## What you will do
Once the line containing "this 1250×1250 image." is found in the records below, return it and each following line exactly, up to and including the line containing "Some of the text", and nothing else.

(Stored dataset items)
= Beginning of Section =
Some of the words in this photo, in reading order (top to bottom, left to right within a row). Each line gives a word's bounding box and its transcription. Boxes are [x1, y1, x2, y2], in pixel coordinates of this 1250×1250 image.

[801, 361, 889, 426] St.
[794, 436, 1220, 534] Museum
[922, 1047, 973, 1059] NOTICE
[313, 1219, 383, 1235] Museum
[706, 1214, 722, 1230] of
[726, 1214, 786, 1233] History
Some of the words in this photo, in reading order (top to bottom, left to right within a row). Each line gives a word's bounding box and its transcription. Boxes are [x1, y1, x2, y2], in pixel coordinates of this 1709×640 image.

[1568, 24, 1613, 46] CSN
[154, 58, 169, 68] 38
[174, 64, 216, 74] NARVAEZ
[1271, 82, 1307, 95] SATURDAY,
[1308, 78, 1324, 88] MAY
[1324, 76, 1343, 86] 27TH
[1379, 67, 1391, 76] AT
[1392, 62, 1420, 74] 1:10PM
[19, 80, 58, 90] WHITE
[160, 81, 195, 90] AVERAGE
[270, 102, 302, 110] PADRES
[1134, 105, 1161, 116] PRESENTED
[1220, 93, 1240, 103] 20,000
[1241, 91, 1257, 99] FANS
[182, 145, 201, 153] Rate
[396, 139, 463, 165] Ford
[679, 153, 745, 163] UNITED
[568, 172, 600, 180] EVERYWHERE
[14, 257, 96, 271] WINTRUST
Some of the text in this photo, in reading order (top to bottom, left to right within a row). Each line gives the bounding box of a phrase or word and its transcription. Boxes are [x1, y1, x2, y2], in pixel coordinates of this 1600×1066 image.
= End of Section =
= Beginning of Section =
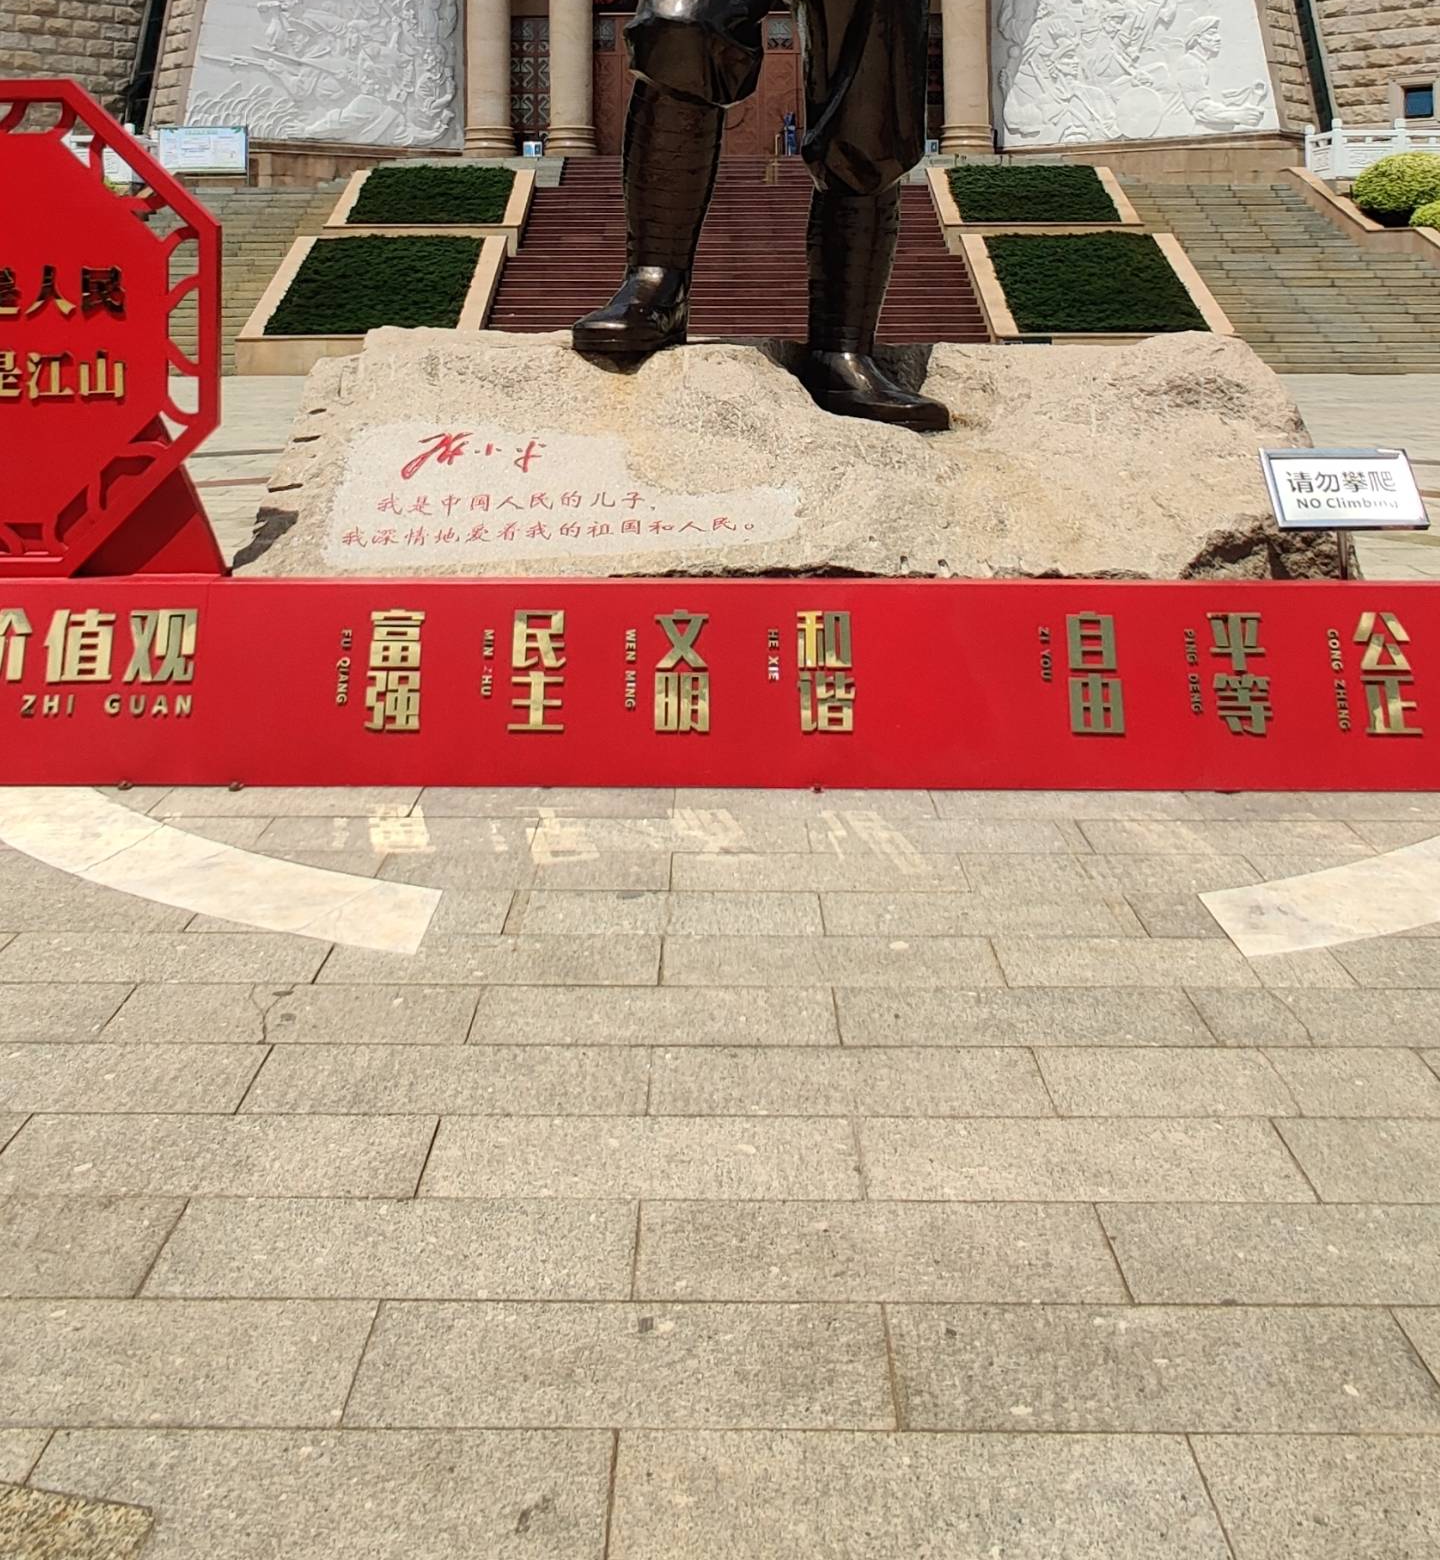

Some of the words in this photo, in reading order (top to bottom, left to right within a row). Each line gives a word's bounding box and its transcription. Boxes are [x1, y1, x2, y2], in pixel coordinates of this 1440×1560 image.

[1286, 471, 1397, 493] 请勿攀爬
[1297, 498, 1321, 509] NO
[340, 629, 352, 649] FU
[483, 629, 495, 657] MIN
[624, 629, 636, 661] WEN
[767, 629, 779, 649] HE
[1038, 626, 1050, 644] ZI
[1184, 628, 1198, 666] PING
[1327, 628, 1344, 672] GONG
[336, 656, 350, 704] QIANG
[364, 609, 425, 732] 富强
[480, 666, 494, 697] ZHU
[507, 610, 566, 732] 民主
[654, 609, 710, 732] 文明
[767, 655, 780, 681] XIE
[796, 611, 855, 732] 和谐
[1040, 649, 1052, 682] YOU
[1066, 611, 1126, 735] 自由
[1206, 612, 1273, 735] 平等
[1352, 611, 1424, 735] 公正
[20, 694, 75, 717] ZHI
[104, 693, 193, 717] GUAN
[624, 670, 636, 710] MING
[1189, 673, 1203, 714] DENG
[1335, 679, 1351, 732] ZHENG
= End of Section =
## Reply to the exercise
Some of the words in this photo, in reading order (top to bottom, left to right within a row). Each line gives a word's bounding box and its transcription. Boxes are [x1, y1, x2, y2], in pixel coordinates of this 1250×1250 image.

[801, 361, 889, 426] St.
[794, 436, 1220, 534] Museum
[922, 1047, 973, 1059] NOTICE
[313, 1219, 383, 1235] Museum
[706, 1214, 722, 1230] of
[726, 1214, 786, 1233] History
Some of the words in this photo, in reading order (top to bottom, left to right within a row). Each line gives a word's bounding box and its transcription. Boxes are [x1, y1, x2, y2], in pixel coordinates of this 1709×640 image.

[1568, 24, 1613, 46] CSN
[154, 58, 169, 68] 38
[174, 64, 216, 74] NARVAEZ
[1271, 82, 1307, 95] SATURDAY,
[1308, 78, 1324, 88] MAY
[1324, 76, 1343, 86] 27TH
[1379, 67, 1391, 76] AT
[1392, 62, 1420, 74] 1:10PM
[19, 80, 58, 90] WHITE
[160, 81, 195, 90] AVERAGE
[270, 102, 302, 110] PADRES
[1134, 105, 1161, 116] PRESENTED
[1220, 93, 1240, 103] 20,000
[1241, 91, 1257, 99] FANS
[182, 145, 201, 153] Rate
[396, 139, 463, 165] Ford
[679, 153, 745, 163] UNITED
[568, 172, 600, 180] EVERYWHERE
[14, 257, 96, 271] WINTRUST
Some of the text in this photo, in reading order (top to bottom, left to right within a row). Each line gives the bounding box of a phrase or word and its transcription. Boxes are [x1, y1, x2, y2], in pixel coordinates of this 1600×1066 image.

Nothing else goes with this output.